### PROBLEM TO SOLVE:
When a picture appears among the records, leave it out, and copy all else exactly.

### RECORD EXTRACTS:
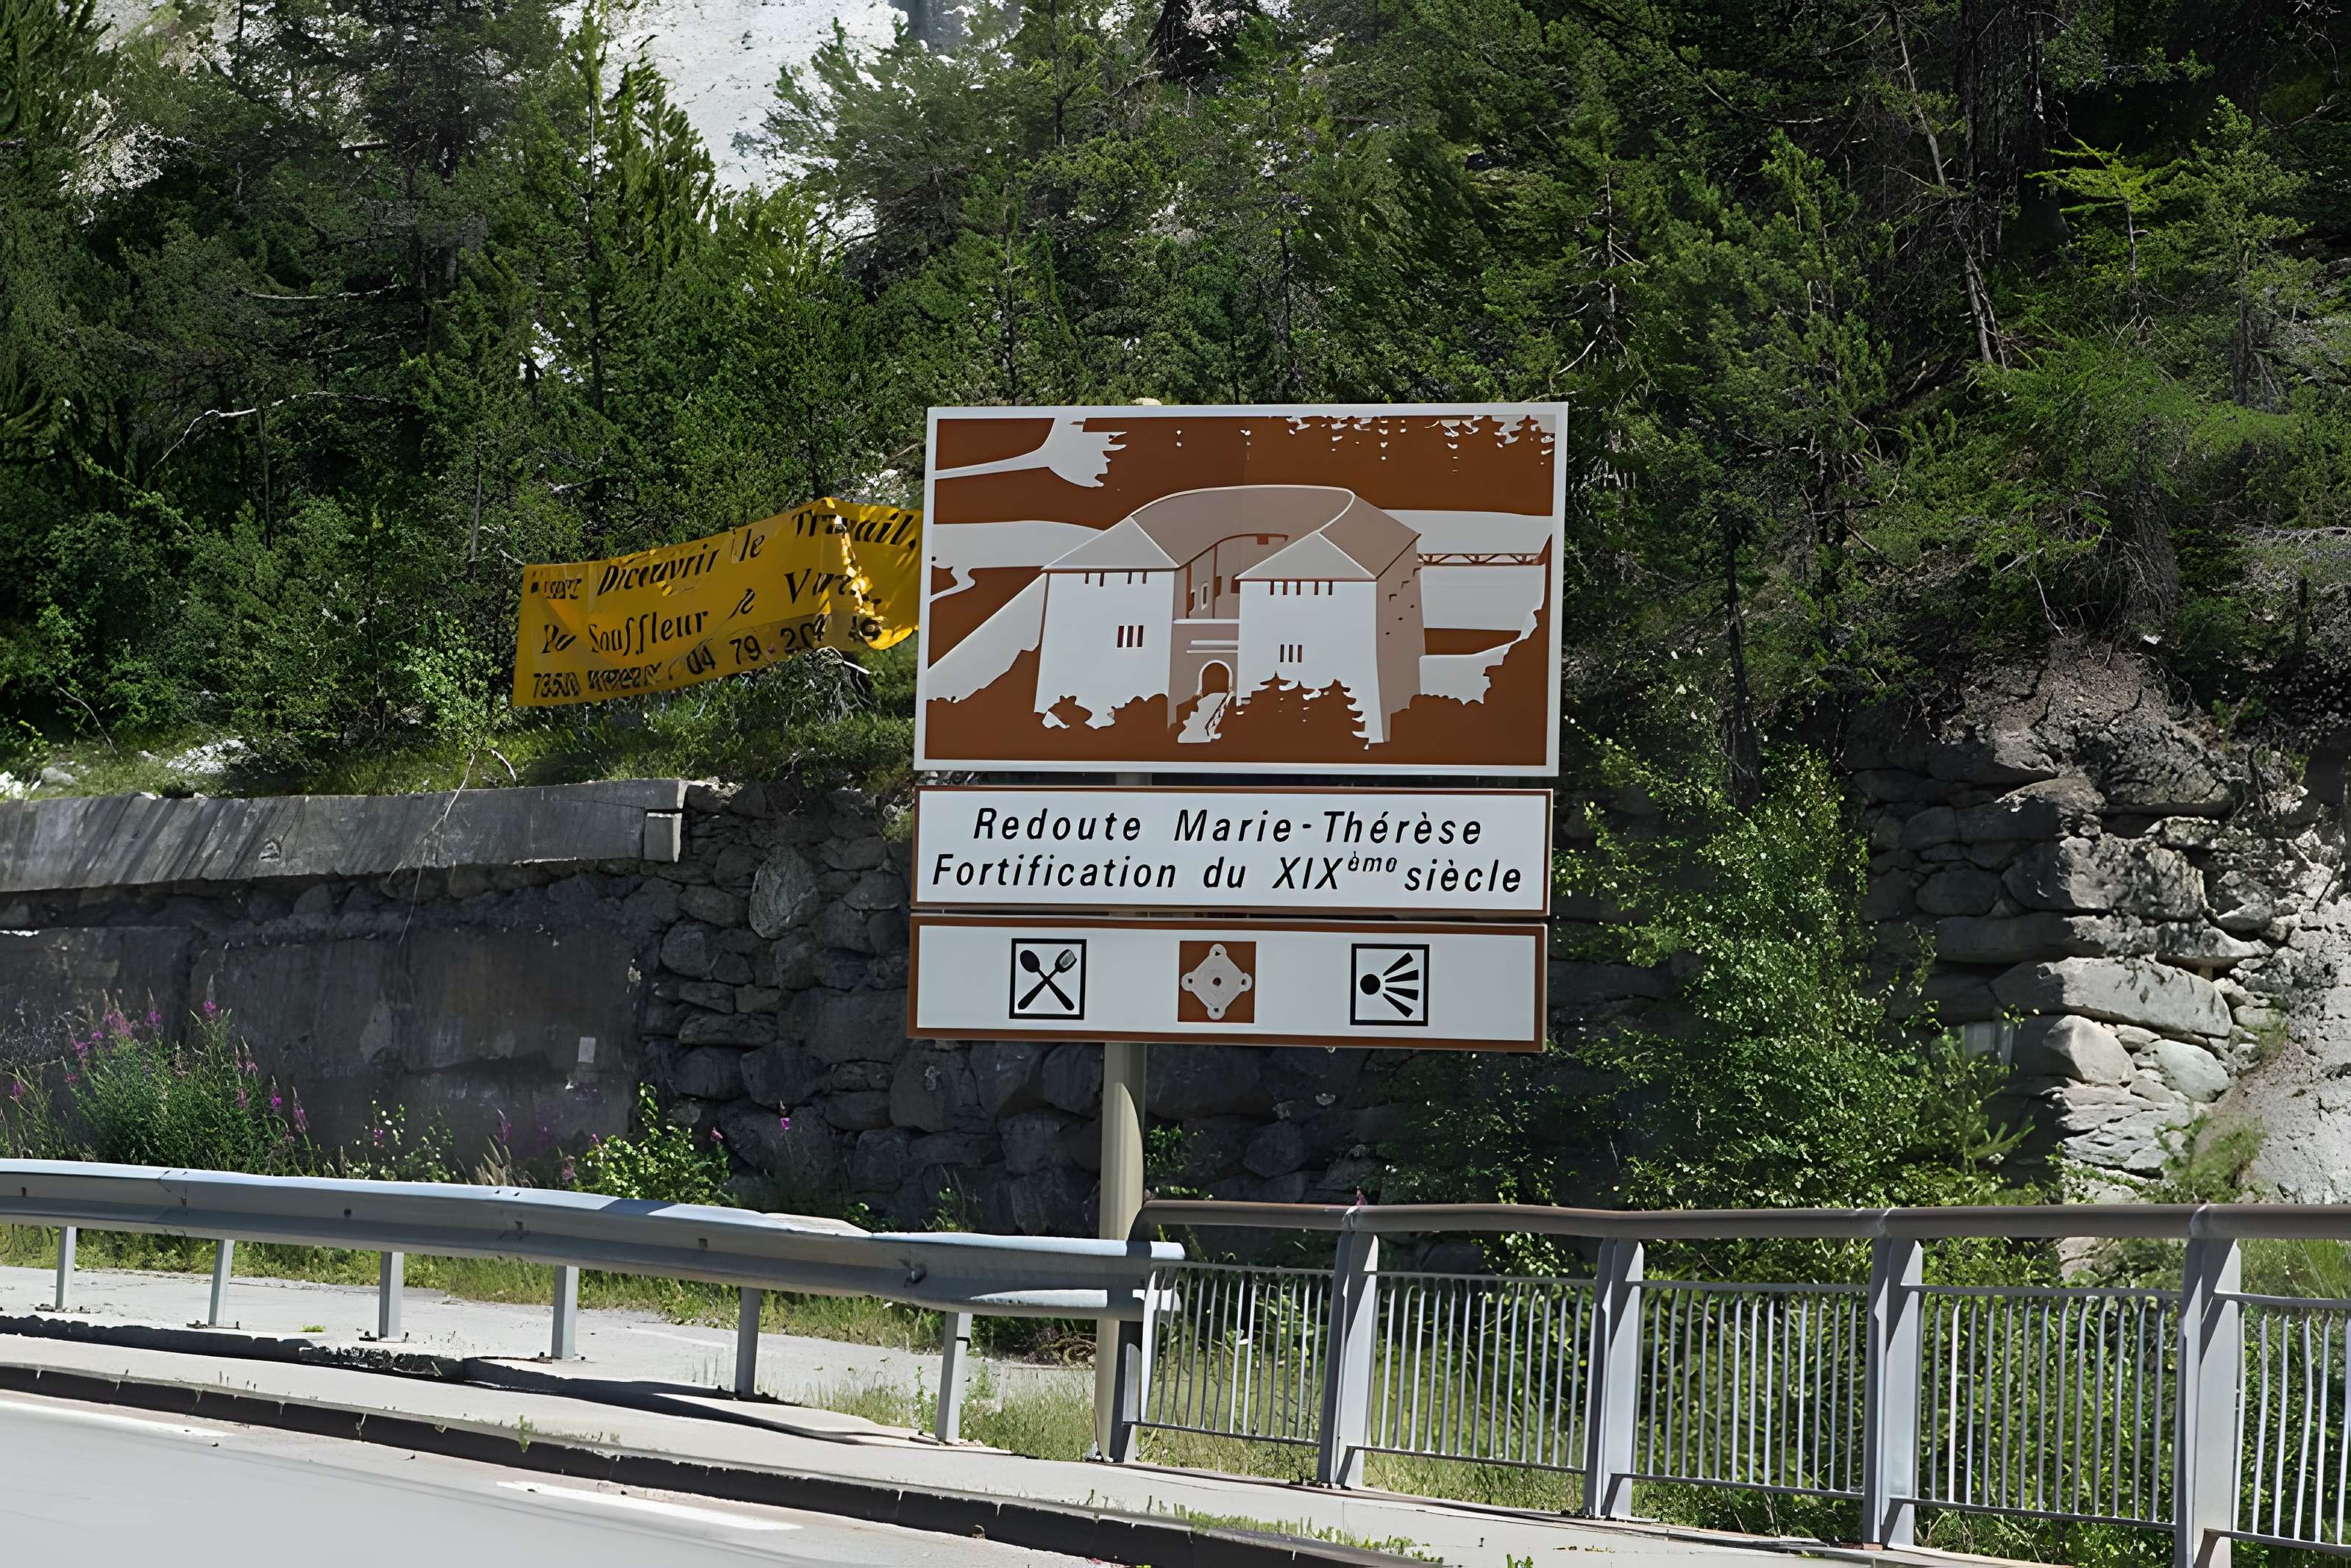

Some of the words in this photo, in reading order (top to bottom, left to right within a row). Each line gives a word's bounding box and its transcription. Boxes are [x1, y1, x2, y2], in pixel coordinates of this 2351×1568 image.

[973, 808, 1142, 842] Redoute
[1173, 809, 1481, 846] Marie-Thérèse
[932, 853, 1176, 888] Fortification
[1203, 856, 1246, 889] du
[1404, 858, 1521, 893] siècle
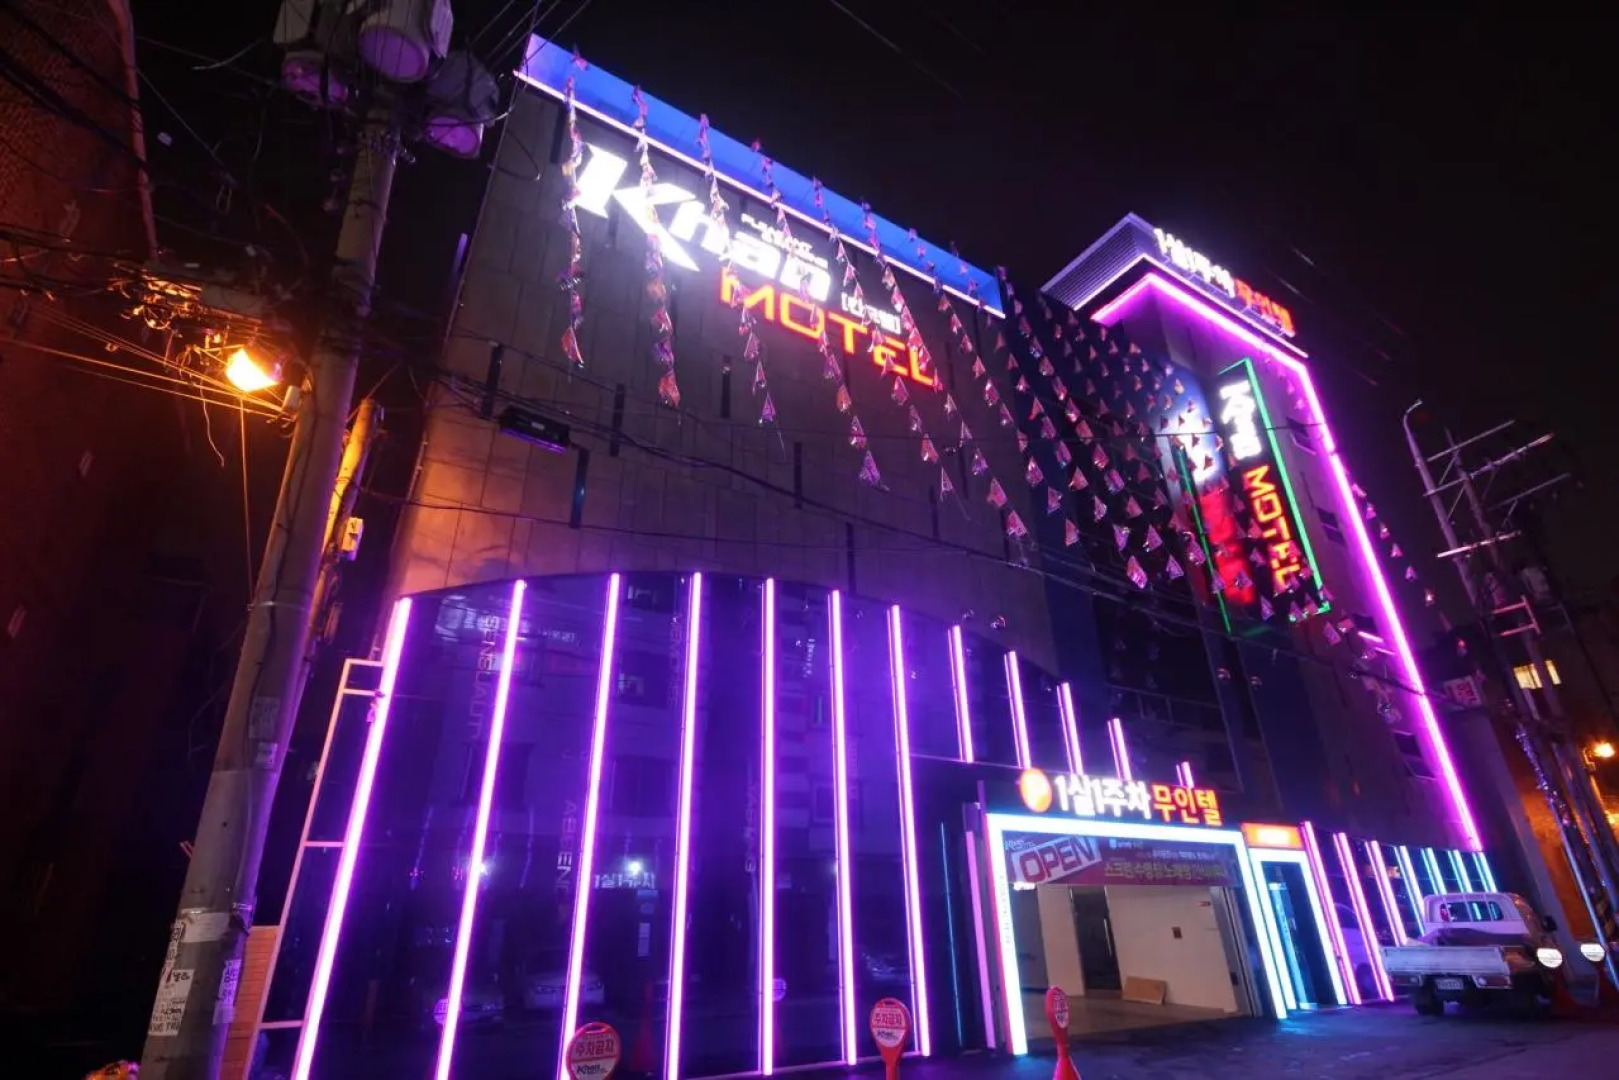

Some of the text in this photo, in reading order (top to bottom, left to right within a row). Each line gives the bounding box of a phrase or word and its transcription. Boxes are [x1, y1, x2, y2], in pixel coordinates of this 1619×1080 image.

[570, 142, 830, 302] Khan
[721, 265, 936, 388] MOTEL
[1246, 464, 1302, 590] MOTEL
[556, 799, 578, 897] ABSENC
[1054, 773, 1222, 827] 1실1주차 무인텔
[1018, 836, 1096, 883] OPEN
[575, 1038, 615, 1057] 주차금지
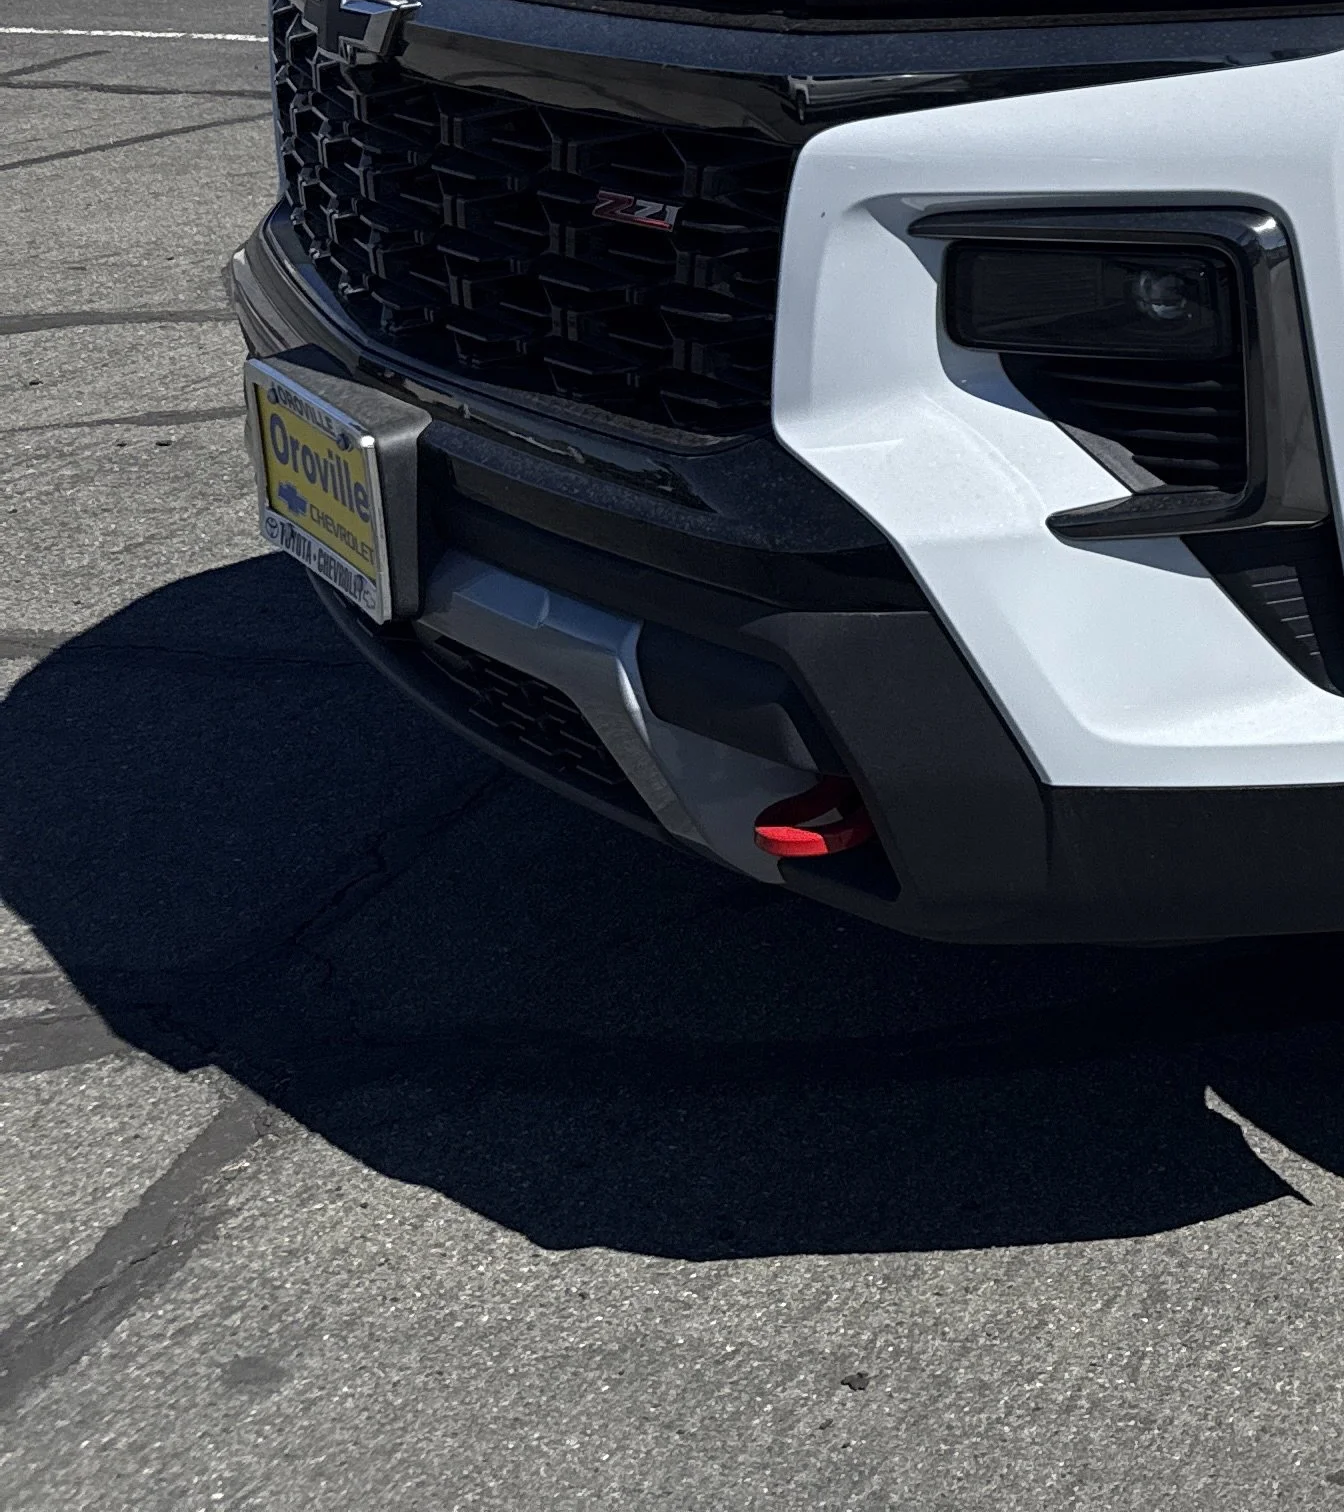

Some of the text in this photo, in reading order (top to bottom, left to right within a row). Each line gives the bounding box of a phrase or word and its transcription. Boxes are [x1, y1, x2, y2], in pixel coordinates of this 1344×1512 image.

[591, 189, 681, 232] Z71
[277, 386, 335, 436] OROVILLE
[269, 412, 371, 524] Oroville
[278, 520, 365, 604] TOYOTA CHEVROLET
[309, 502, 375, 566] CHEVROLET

### RESPONSE TO THE TASK:
Some of the words in this photo, in reading order (top to bottom, left to right within a row). Each line gives a word's bounding box and its transcription. Boxes are [x1, y1, x2, y2], in pixel coordinates of this 2351×1568 image.

[973, 808, 1142, 842] Redoute
[1173, 809, 1481, 846] Marie-Thérèse
[932, 853, 1176, 888] Fortification
[1203, 856, 1246, 889] du
[1404, 858, 1521, 893] siècle

Some of the text in this photo, in reading order (top to bottom, left to right within a row). Each line gives the bounding box of a phrase or word and its transcription. Boxes are [x1, y1, x2, y2], in pixel coordinates of this 1619×1080 image.

[570, 142, 830, 302] Khan
[721, 265, 936, 388] MOTEL
[1246, 464, 1302, 590] MOTEL
[556, 799, 578, 897] ABSENC
[1054, 773, 1222, 827] 1실1주차 무인텔
[1018, 836, 1096, 883] OPEN
[575, 1038, 615, 1057] 주차금지

Some of the text in this photo, in reading order (top to bottom, left to right within a row). Each line gives the bounding box of a phrase or word and its transcription. Boxes are [x1, y1, x2, y2], in pixel coordinates of this 1344×1512 image.

[591, 189, 681, 232] Z71
[277, 386, 335, 436] OROVILLE
[269, 412, 371, 524] Oroville
[278, 520, 365, 604] TOYOTA CHEVROLET
[309, 502, 375, 566] CHEVROLET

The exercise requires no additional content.